Predicate Information (identified by operation id):                             
---------------------------------------------------                             

   2 - filter(NULL IS NOT NULL)                                                 
   3 - filter("date">=TO_TIMESTAMP('8-APR-2010') AND                            
              "date"<=TO_TIMESTAMP('8-APR-2016'))                               

And since NULL IS NOT NULL is never true, that gets zero rows. But that's down to your NLS settings. With other format masks it does not have that filter step.

You can get a sense of what's happening if you look at how those to_timestamp() calls are being evaluated with your format NLS settings:

alter session set nls_timestamp_format = 'DD-MON-RR HH.MI.SSXFF';

select to_char(to_timestamp('8-APR-2015'), 'YYYY-MM-DD') as from_1,
  to_char(to_timestamp('8-APR-2016'), 'YYYY-MM-DD') as to_1,
  to_char(to_timestamp('8-APR-2010'), 'YYYY-MM-DD') as from_2,
  to_char(to_timestamp('8-APR-2016'), 'YYYY-MM-DD') as to_2
from dual;

FROM_1     TO_1       FROM_2     TO_2     
---------- ---------- ---------- ----------
2015-04-08 2016-04-08 2020-04-08 2016-04-08

The first pair of dates look OK - 2015 is before 2016. But the second 'from' has come out as 2020, not 2010; and since Oracle is smart enough to realise that 2020 is later than 2016, it knows there can be no data that matches, and adds the impossible condition to short circuit and avoid redundant data access.

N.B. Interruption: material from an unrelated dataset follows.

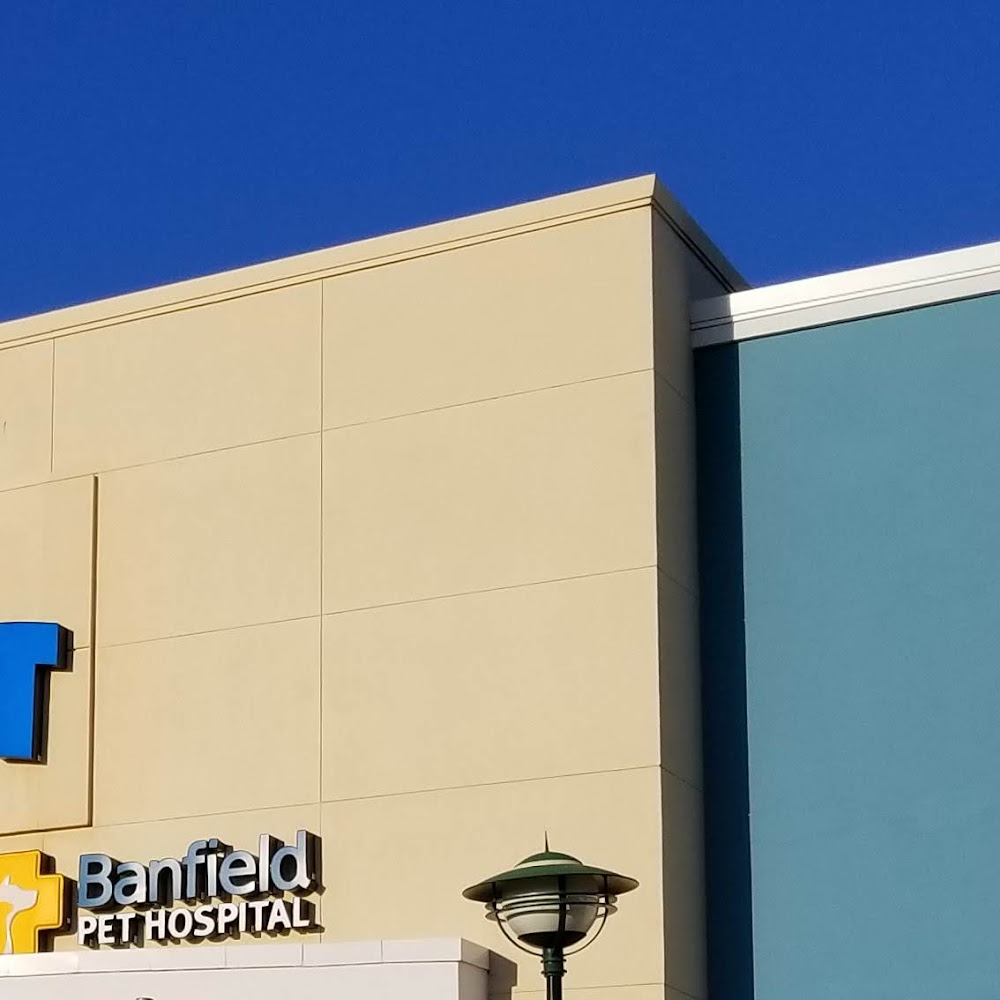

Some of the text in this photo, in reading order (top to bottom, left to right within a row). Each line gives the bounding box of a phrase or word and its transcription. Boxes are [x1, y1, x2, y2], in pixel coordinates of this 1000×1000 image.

[78, 830, 313, 909] Banfield
[78, 897, 312, 946] PET HOSPITAL

Compare that with a mask that handles four-digit years properly:

alter session set nls_timestamp_format = 'DD-MON-RRRR HH.MI.SSXFF';

select to_char(to_timestamp('8-APR-2015'), 'YYYY-MM-DD') as from_1,
  to_char(to_timestamp('8-APR-2016'), 'YYYY-MM-DD') as to_1,
  to_char(to_timestamp('8-APR-2010'), 'YYYY-MM-DD') as from_2,
  to_char(to_timestamp('8-APR-2016'), 'YYYY-MM-DD') as to_2
from dual;

FROM_1     TO_1       FROM_2     TO_2     
---------- ---------- ---------- ----------
2015-04-08 2016-04-08 2010-04-08 2016-04-08

Now the second from 'date' is correct.

The difference is down to how the RR format mask behaves, though this specific behaviour isn't really documented.

What's actually happening is down to Oracle's helpfulness in trying to be flexible in interpreting format masks. As it says in the docs, just under the table of datetime format elements, "Oracle Database converts strings to dates with some flexibility" - but the effects of that are sometimes a bit unexpected.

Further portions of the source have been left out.